▼▼▼

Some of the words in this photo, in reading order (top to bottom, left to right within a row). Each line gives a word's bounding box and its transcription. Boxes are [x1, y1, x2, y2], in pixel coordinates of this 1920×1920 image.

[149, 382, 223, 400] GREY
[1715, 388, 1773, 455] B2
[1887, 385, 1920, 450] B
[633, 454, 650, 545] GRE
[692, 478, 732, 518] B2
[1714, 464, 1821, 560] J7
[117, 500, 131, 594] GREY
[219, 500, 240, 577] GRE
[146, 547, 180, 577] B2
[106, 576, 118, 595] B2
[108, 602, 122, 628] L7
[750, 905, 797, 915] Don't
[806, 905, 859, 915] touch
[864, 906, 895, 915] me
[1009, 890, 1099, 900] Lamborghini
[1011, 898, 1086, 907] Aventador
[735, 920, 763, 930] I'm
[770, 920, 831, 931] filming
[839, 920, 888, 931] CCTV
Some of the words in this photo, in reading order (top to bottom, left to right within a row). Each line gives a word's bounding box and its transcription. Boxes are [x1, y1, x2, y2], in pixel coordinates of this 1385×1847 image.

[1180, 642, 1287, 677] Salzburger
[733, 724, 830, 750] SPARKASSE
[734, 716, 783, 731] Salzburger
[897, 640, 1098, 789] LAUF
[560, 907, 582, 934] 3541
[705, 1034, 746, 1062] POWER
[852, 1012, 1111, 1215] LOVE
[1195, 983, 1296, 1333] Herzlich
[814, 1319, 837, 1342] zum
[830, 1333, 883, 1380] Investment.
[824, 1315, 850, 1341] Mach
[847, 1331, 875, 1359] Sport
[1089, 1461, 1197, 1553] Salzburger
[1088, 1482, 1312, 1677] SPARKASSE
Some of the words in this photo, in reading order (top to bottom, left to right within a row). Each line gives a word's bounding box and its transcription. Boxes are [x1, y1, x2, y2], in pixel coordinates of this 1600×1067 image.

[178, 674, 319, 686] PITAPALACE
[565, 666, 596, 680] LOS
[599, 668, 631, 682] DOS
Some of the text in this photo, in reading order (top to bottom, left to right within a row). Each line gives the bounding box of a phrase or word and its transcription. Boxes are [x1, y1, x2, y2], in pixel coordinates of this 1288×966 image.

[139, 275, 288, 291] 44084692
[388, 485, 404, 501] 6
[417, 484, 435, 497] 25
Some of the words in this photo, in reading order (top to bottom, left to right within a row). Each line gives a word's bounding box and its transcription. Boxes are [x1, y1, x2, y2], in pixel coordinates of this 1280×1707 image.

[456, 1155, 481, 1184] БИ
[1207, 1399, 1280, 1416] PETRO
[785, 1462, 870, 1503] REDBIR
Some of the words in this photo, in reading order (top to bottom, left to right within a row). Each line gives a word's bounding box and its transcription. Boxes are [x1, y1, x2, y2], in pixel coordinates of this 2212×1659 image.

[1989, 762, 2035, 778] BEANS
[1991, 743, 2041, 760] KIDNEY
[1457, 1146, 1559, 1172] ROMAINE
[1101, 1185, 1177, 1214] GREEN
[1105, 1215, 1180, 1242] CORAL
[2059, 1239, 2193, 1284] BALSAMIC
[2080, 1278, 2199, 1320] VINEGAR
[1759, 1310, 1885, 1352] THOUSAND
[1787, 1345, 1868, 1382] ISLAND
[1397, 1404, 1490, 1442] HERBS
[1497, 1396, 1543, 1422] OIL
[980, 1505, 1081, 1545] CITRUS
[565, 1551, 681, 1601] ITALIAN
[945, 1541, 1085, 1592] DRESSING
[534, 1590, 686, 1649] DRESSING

▲▲▲

### WHAT YOU WILL DO
Nothing may be omitted. Restate all of the entries exactly.

### RESPONSE TO THIS TASK
Some of the words in this photo, in reading order (top to bottom, left to right within a row). Each line gives a word's bounding box and its transcription. Boxes are [x1, y1, x2, y2], in pixel coordinates of this 1920×1920 image.

[149, 382, 223, 400] GREY
[1715, 388, 1773, 455] B2
[1887, 385, 1920, 450] B
[633, 454, 650, 545] GRE
[692, 478, 732, 518] B2
[1714, 464, 1821, 560] J7
[117, 500, 131, 594] GREY
[219, 500, 240, 577] GRE
[146, 547, 180, 577] B2
[106, 576, 118, 595] B2
[108, 602, 122, 628] L7
[750, 905, 797, 915] Don't
[806, 905, 859, 915] touch
[864, 906, 895, 915] me
[1009, 890, 1099, 900] Lamborghini
[1011, 898, 1086, 907] Aventador
[735, 920, 763, 930] I'm
[770, 920, 831, 931] filming
[839, 920, 888, 931] CCTV
Some of the words in this photo, in reading order (top to bottom, left to right within a row). Each line gives a word's bounding box and its transcription. Boxes are [x1, y1, x2, y2], in pixel coordinates of this 1385×1847 image.

[1180, 642, 1287, 677] Salzburger
[733, 724, 830, 750] SPARKASSE
[734, 716, 783, 731] Salzburger
[897, 640, 1098, 789] LAUF
[560, 907, 582, 934] 3541
[705, 1034, 746, 1062] POWER
[852, 1012, 1111, 1215] LOVE
[1195, 983, 1296, 1333] Herzlich
[814, 1319, 837, 1342] zum
[830, 1333, 883, 1380] Investment.
[824, 1315, 850, 1341] Mach
[847, 1331, 875, 1359] Sport
[1089, 1461, 1197, 1553] Salzburger
[1088, 1482, 1312, 1677] SPARKASSE
Some of the words in this photo, in reading order (top to bottom, left to right within a row). Each line gives a word's bounding box and its transcription. Boxes are [x1, y1, x2, y2], in pixel coordinates of this 1600×1067 image.

[178, 674, 319, 686] PITAPALACE
[565, 666, 596, 680] LOS
[599, 668, 631, 682] DOS
Some of the text in this photo, in reading order (top to bottom, left to right within a row). Each line gives the bounding box of a phrase or word and its transcription. Boxes are [x1, y1, x2, y2], in pixel coordinates of this 1288×966 image.

[139, 275, 288, 291] 44084692
[388, 485, 404, 501] 6
[417, 484, 435, 497] 25
Some of the words in this photo, in reading order (top to bottom, left to right within a row). Each line gives a word's bounding box and its transcription. Boxes are [x1, y1, x2, y2], in pixel coordinates of this 1280×1707 image.

[456, 1155, 481, 1184] БИ
[1207, 1399, 1280, 1416] PETRO
[785, 1462, 870, 1503] REDBIR
Some of the words in this photo, in reading order (top to bottom, left to right within a row). Each line gives a word's bounding box and its transcription. Boxes are [x1, y1, x2, y2], in pixel coordinates of this 2212×1659 image.

[1989, 762, 2035, 778] BEANS
[1991, 743, 2041, 760] KIDNEY
[1457, 1146, 1559, 1172] ROMAINE
[1101, 1185, 1177, 1214] GREEN
[1105, 1215, 1180, 1242] CORAL
[2059, 1239, 2193, 1284] BALSAMIC
[2080, 1278, 2199, 1320] VINEGAR
[1759, 1310, 1885, 1352] THOUSAND
[1787, 1345, 1868, 1382] ISLAND
[1397, 1404, 1490, 1442] HERBS
[1497, 1396, 1543, 1422] OIL
[980, 1505, 1081, 1545] CITRUS
[565, 1551, 681, 1601] ITALIAN
[945, 1541, 1085, 1592] DRESSING
[534, 1590, 686, 1649] DRESSING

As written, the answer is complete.